A faithful, word-for-word copy of the data below is required, without pictures.

(Text-to-region grounding data)
--- START ---

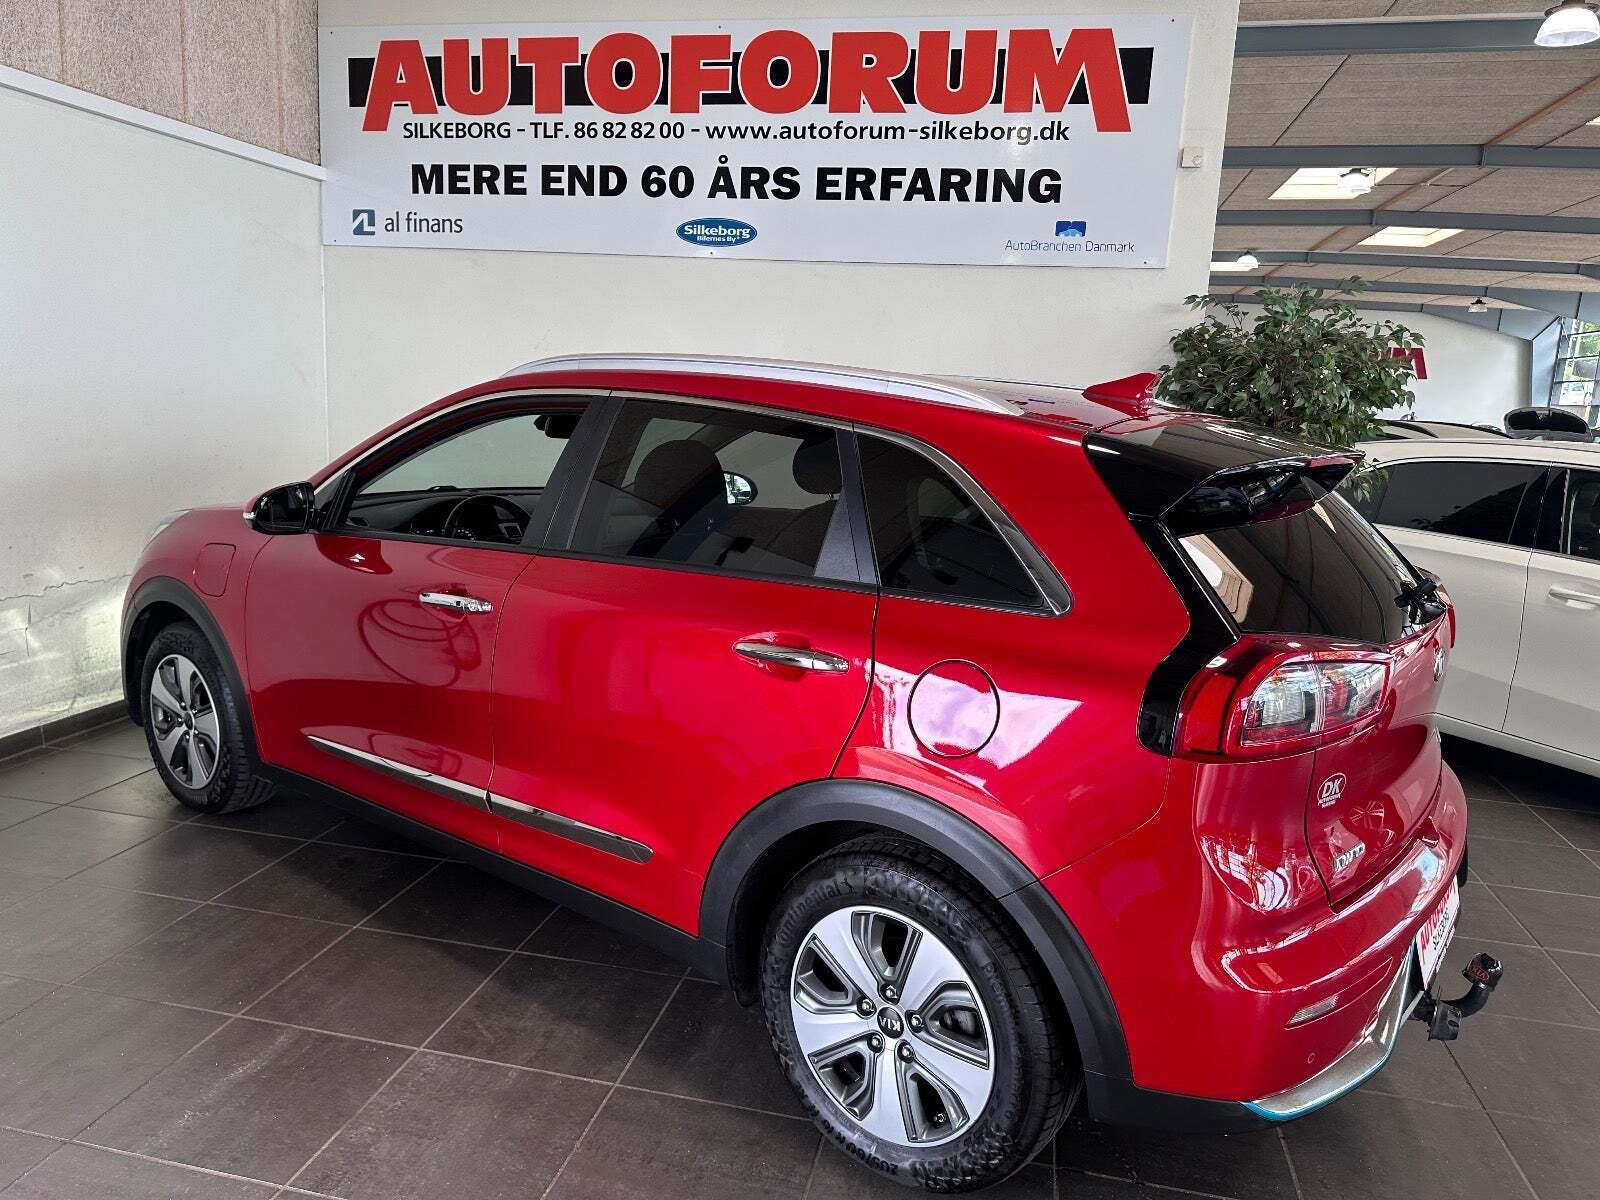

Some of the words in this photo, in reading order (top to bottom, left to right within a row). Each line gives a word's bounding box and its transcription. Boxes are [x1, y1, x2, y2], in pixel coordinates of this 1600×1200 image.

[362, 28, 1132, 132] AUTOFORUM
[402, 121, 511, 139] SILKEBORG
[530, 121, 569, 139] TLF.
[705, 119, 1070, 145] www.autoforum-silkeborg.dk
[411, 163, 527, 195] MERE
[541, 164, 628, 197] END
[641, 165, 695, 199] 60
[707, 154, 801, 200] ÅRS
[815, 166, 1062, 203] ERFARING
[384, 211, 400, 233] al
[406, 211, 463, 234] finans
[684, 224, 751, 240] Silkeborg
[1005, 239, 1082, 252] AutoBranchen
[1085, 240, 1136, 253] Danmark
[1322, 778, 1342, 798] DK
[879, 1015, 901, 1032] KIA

--- END ---

ANSWER BOX
Some of the words in this photo, in reading order (top to bottom, left to right within a row). Each line gives a word's bounding box and its transcription. Boxes are [x1, y1, x2, y2], in pixel coordinates of this 1600×1200 image.

[362, 28, 1132, 132] AUTOFORUM
[402, 121, 511, 139] SILKEBORG
[530, 121, 569, 139] TLF.
[705, 119, 1070, 145] www.autoforum-silkeborg.dk
[411, 163, 527, 195] MERE
[541, 164, 628, 197] END
[641, 165, 695, 199] 60
[707, 154, 801, 200] ÅRS
[815, 166, 1062, 203] ERFARING
[384, 211, 400, 233] al
[406, 211, 463, 234] finans
[684, 224, 751, 240] Silkeborg
[1005, 239, 1082, 252] AutoBranchen
[1085, 240, 1136, 253] Danmark
[1322, 778, 1342, 798] DK
[879, 1015, 901, 1032] KIA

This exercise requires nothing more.